But one of things you'll notice in this chart: None of the coaches who did better than Johnson (save Gerry DiNardo, who turned his success into a job at LSU; ask Tigers fans how that went) started coaching after 1985. In other words, he's easily the second best of Vanderbilt's last five coaches. (And that's not allowing for what might have happened had DiNardo stayed -- really, ask LSU fans.)
In fact, Johnson took over after Widenhofer's last team went 2-9 and began ever so slowly turning the Commodores around, taking them back to the team's historic average over the last half-century or so.
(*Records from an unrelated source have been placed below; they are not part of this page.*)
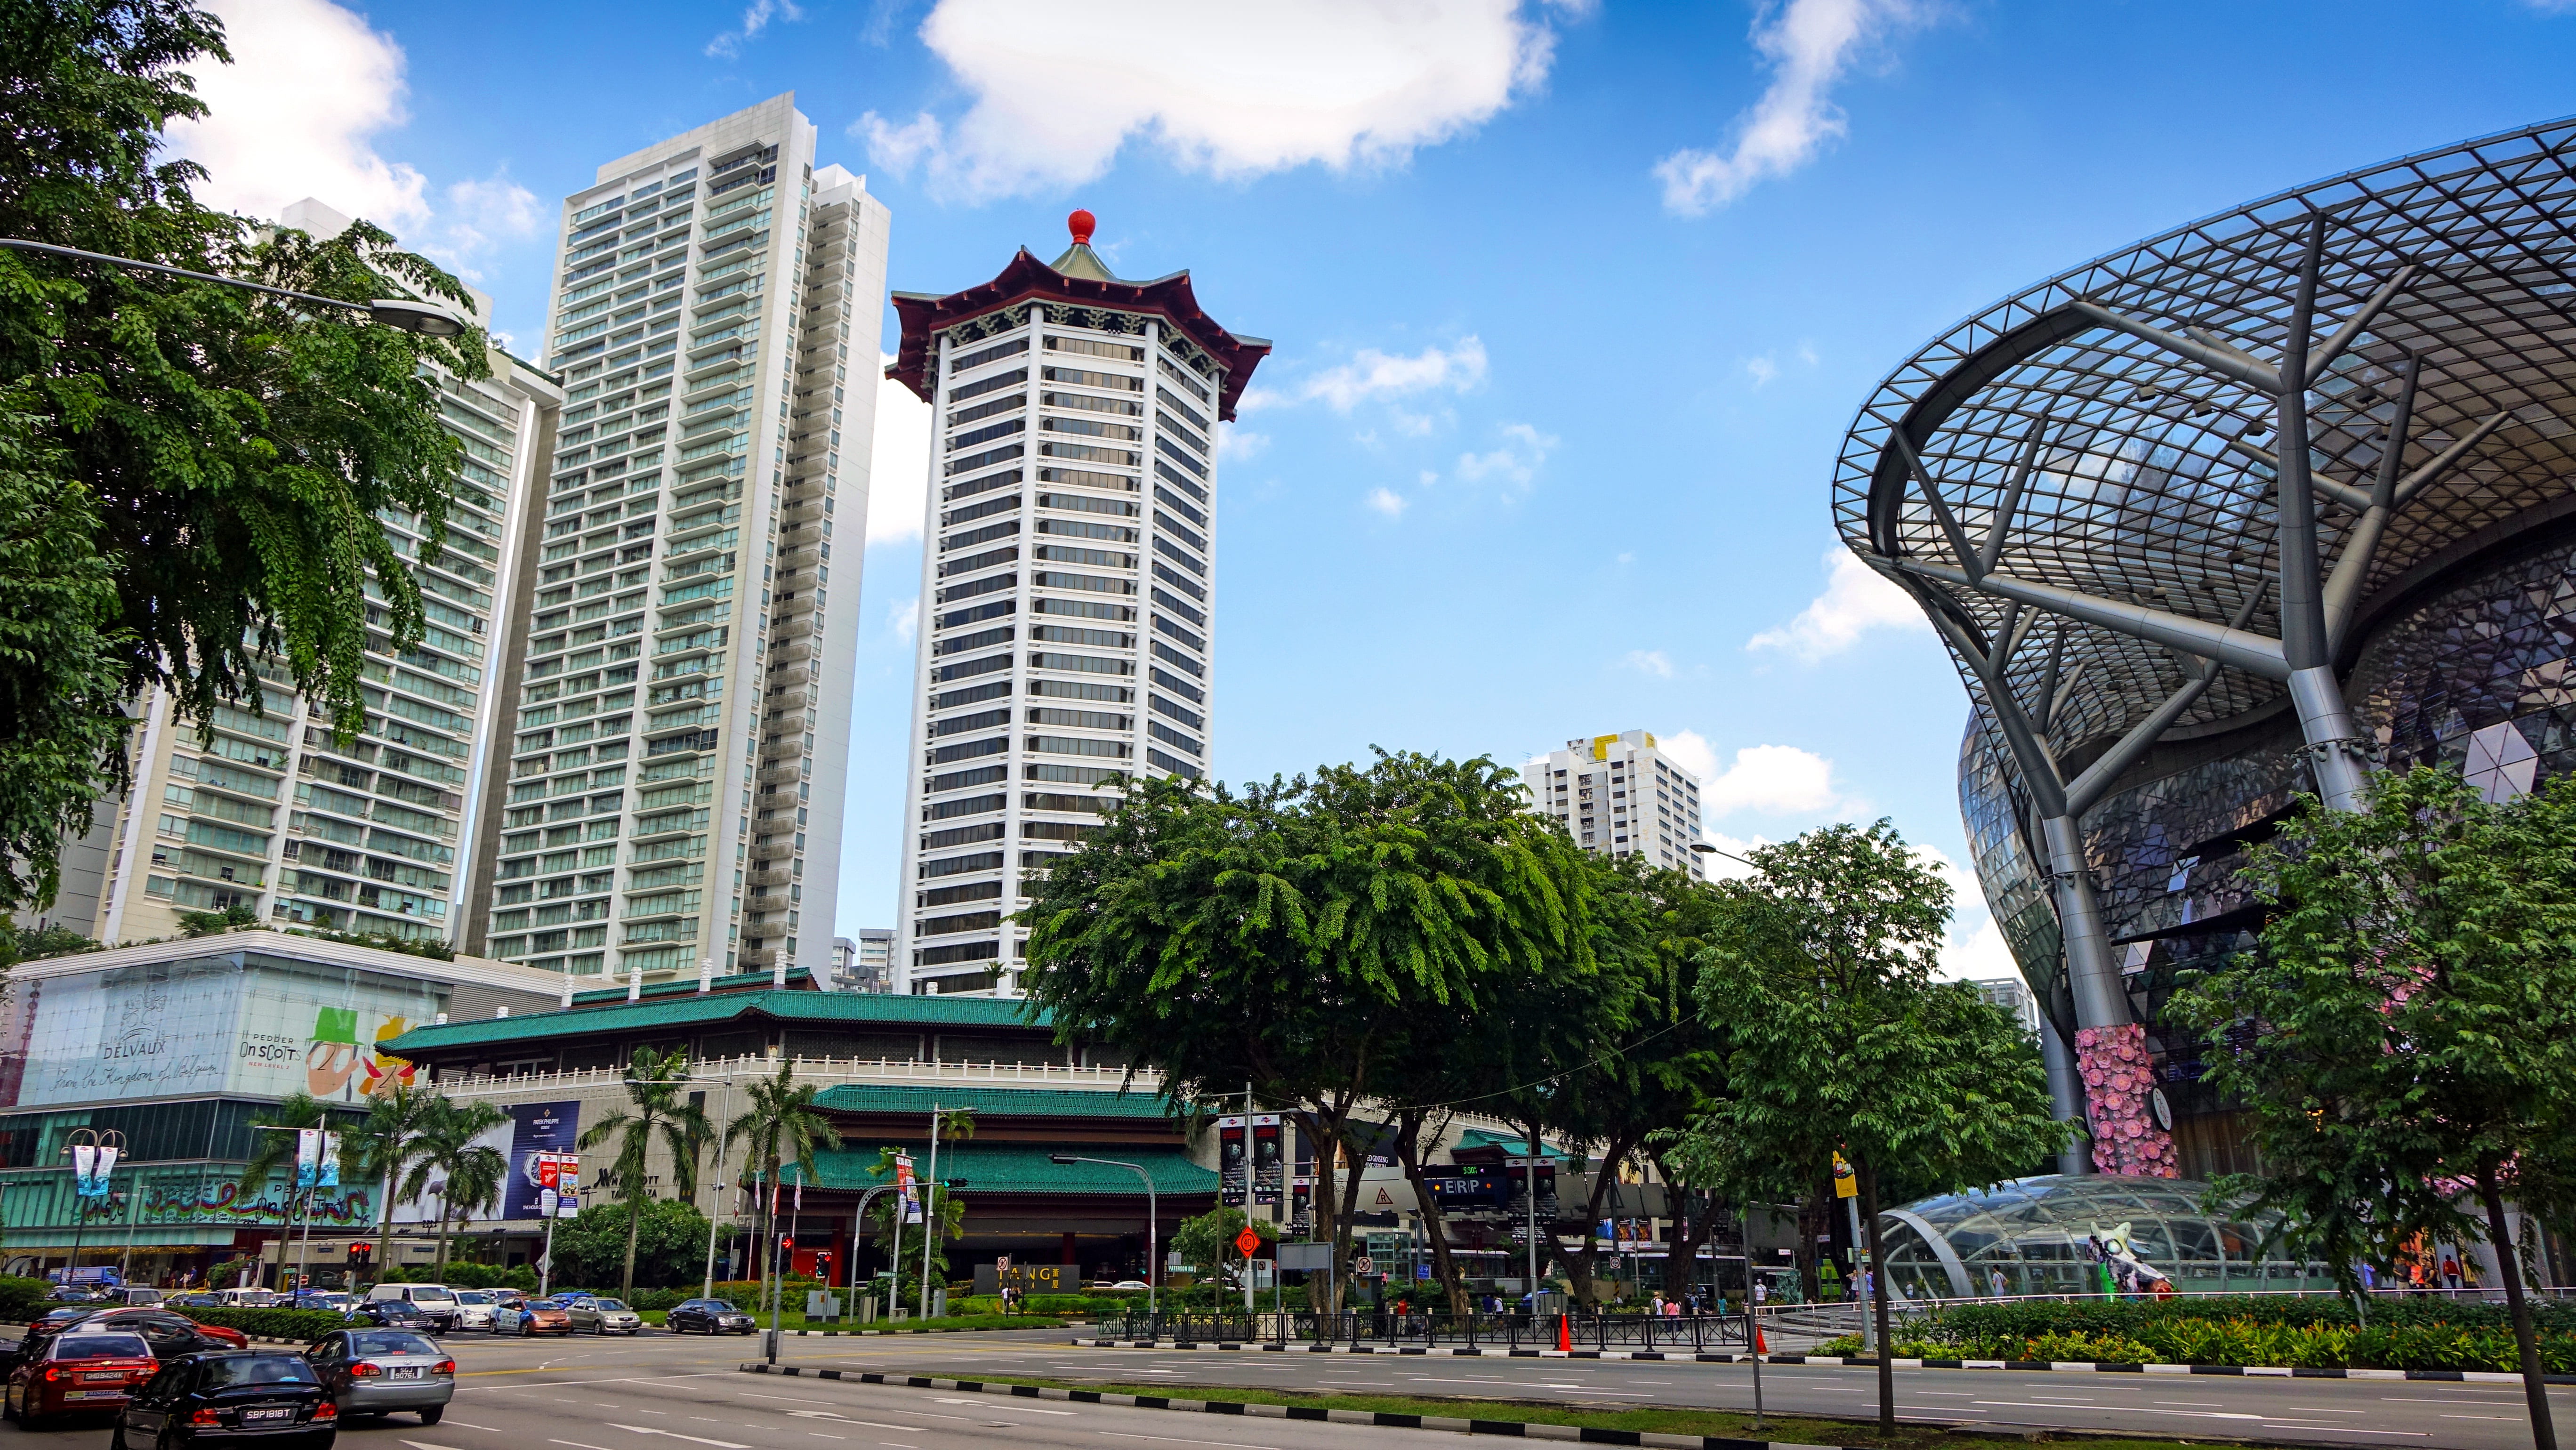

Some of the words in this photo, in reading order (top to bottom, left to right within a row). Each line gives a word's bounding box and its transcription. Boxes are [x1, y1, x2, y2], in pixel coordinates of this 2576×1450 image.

[253, 1034, 294, 1044] PEDDER
[103, 1041, 166, 1060] DELVAUX
[82, 1067, 97, 1089] the
[97, 1066, 153, 1096] Kingdom
[153, 1062, 171, 1096] of
[173, 1055, 219, 1086] Belgium
[1372, 1155, 1388, 1163] GINSENG
[1244, 1238, 1251, 1247] 40
That might come as a bit of a shock to those who haven't looked into SEC history too much -- Vanderbilt's historic average wasn't 2-9? -- but Johnson took a woeful team and turned it into a competitive one.
This is the classic rebuilding path, at least the classic sustainable rebuilding path -- a few bad seasons to begin with, and then gradual progress. Johnson was doing that, with the five-year rolling average winning percentage ticking upward in his fourth season and continuing to progress until last year. And even with the two-win season in 2009, Johnson still leaves the Vanderbilt program in far better shape than when he took over.
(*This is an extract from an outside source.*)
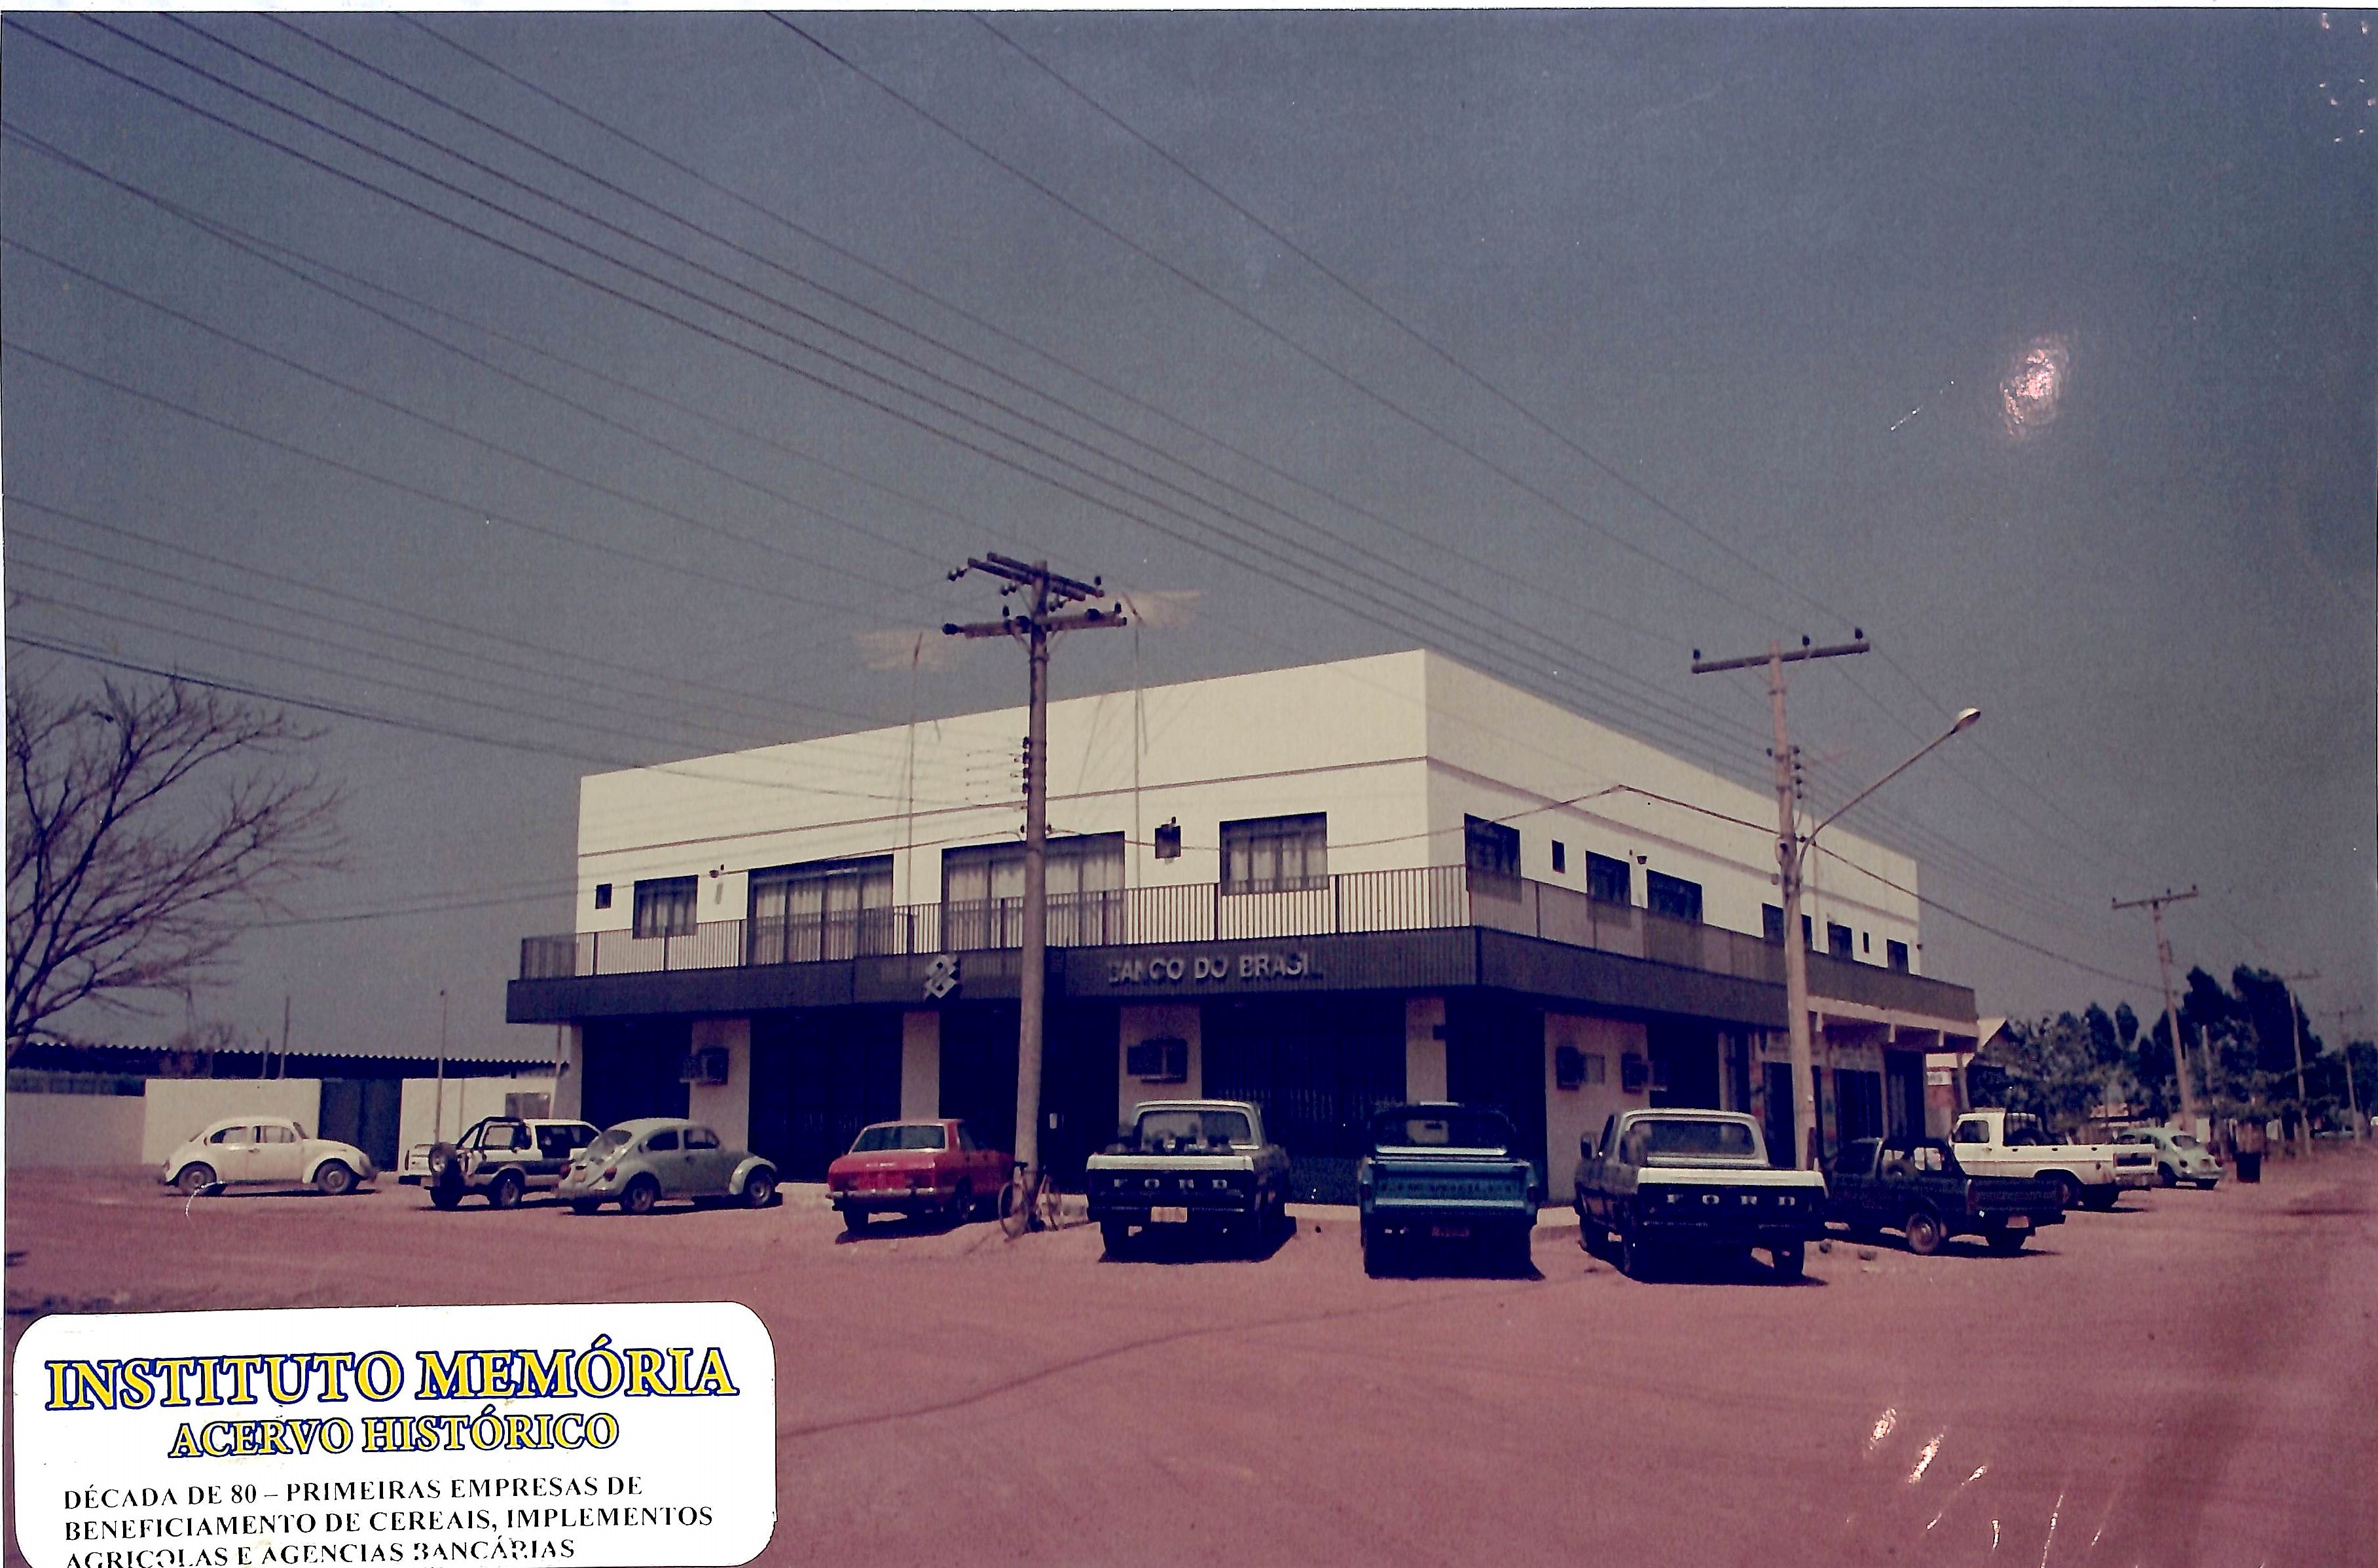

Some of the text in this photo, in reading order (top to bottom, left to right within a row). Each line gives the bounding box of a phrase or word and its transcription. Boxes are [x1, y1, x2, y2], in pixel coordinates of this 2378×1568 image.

[1194, 956, 1228, 978] DO
[1114, 1178, 1228, 1189] FORD
[1667, 1194, 1795, 1206] FORD
Even so, that last season had to be a kick in the gut. And while he probably didn't have a graph like the one above, he might have sensed that he had peaked. At Vanderbilt, 59 years old -- where else was he going to go? If he sensed it was over, sensed he had done all he could for the Commodores, maybe the best thing to was retire, especially once he knew his staff would be safe. (HT: Vanderbilt Sports Line)
But I still can't get one incident out of my head: The anguished look on Johnson's face as he spoke to the media after the death of Rajaan Bennett. That kind of a tragedy would make any of us re-evaluate our lives, and maybe the senselessness of it all was something that years and years of losing at Vanderbilt were not.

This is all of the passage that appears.